To understand the effect of liver transplantation on POPH, one must understand the hemodynamic changes that occur with POPH and during liver transplant. The right ventricle is able to manage the same volume as the left ventricle under normal circumstances, but is unable to pump against a significant pressure gradient.37 In the setting of POPH, right ventricular hypertrophy occurs and RV output remains stable for some time. With time, pulmonary artery pressure increases secondary to pulmonary arteriolar vasoconstriction, intimal thickening, and progressive occlusion of the pulmonary vascular bed. Right ventricular failure may occur as a result. Cardiac output increases significantly at the time of reperfusion during liver transplant (up to 3-fold in 15 minutes),38 and in the setting of a noncompliant vascular bed, the patient is at risk for right heart failure. This is the likely explanation to such high perioperative mortality rates in patients with uncontrolled POPH. Failure to decrease MPAP to less than 50 mm Hg is considered a complete contraindication to liver transplant at most institutions. Many transplant centers will list patients for liver transplant if MPAP can be decreased to less than 35 mm Hg and PVR < 400 dynes/s/cm–5. These parameters are thought to represent an adequate right ventricular reserve and a compliant pulmonary vascular bed.37 However, even with good pressure control, the anesthesiology and critical care teams must be prepared to deal with acute right heart failure peri-operatively. Intraoperative transesophageal echocardiography has been recommended to closely follow right ventricular function.38 Inhaled or intravenous dilators are the most effective agents in the event of a pulmonary hypertensive crisis.

Review of Outcomes

A retrospective review evaluated 43 patients with untreated POPH who underwent attempted liver transplantation.39 Data were collected from 18 peer-reviewed studies and 7 patients at the authors’ institution. Overall mortality was 35% (15 patients), with almost all of the deaths secondary to cardiac dysfunction. Two deaths occurred intraoperatively and 8 deaths occurred during the transplant hospitalization. The transplant could not be successfully completed in 4 of the patients. MPAP > 50 mm Hg was associated with 100% mortality, whereas patients with MPAP between 35 mm Hg and 50 mm Hg had a 50% mortality.

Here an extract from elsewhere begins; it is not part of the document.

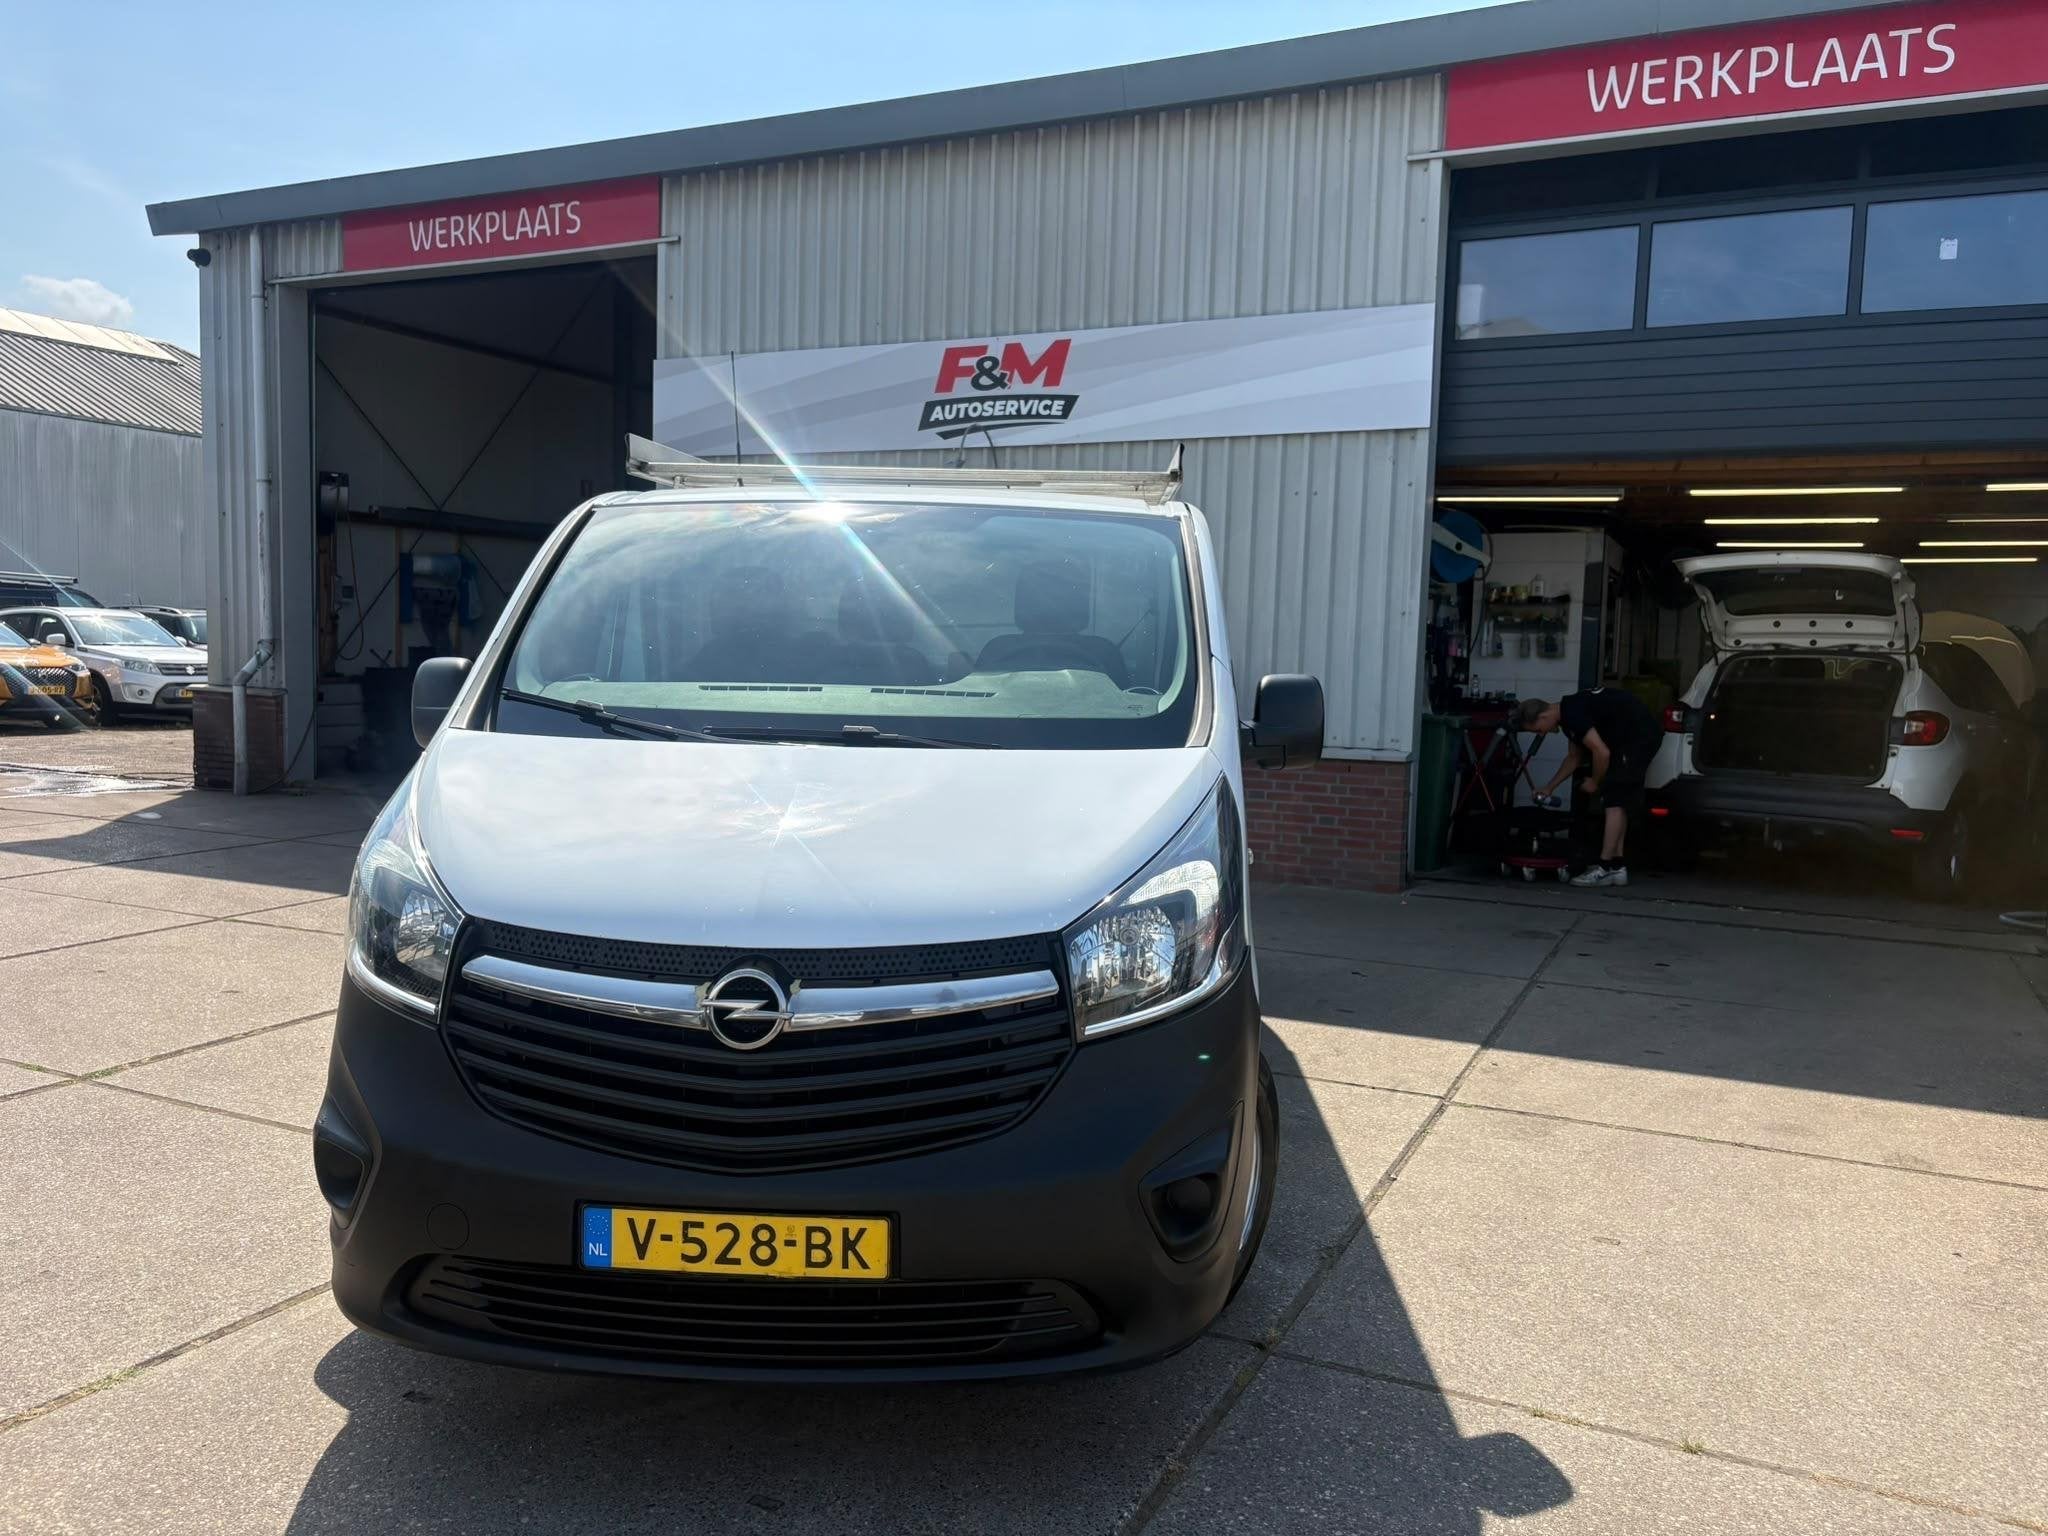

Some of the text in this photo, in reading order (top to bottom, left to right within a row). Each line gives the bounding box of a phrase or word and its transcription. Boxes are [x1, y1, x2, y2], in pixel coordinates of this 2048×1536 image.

No mortality was noted in patients with MPAP < 35 mm Hg.

Liver transplantation has been shown to be successful in patients with controlled POPH. Sussman et al published their data on 8 patients with severe POPH in 2006. In this prospective study, all patients were treated with sequential epoprostenol infusions and 7 of the 8 patients experienced a significant reduction in MPAP and PVR. Six patients were listed for liver transplant, 4 of who were transplanted successfully and alive up to 5 years later.

The Baylor University Medical Center published their data on POPH patients who received liver transplants in 2007.11 POPH was confirmed by right heart catheterization in 30 patients evaluated for liver transplant. Sixteen patients were considered to be suitable candidates for transplant and MPAP was decreased to less than 35 mmHg in 12 patients with vasodilator therapy. Eleven patients eventually underwent liver transplant and 1- and 5-year survival rates were 91% and 67%.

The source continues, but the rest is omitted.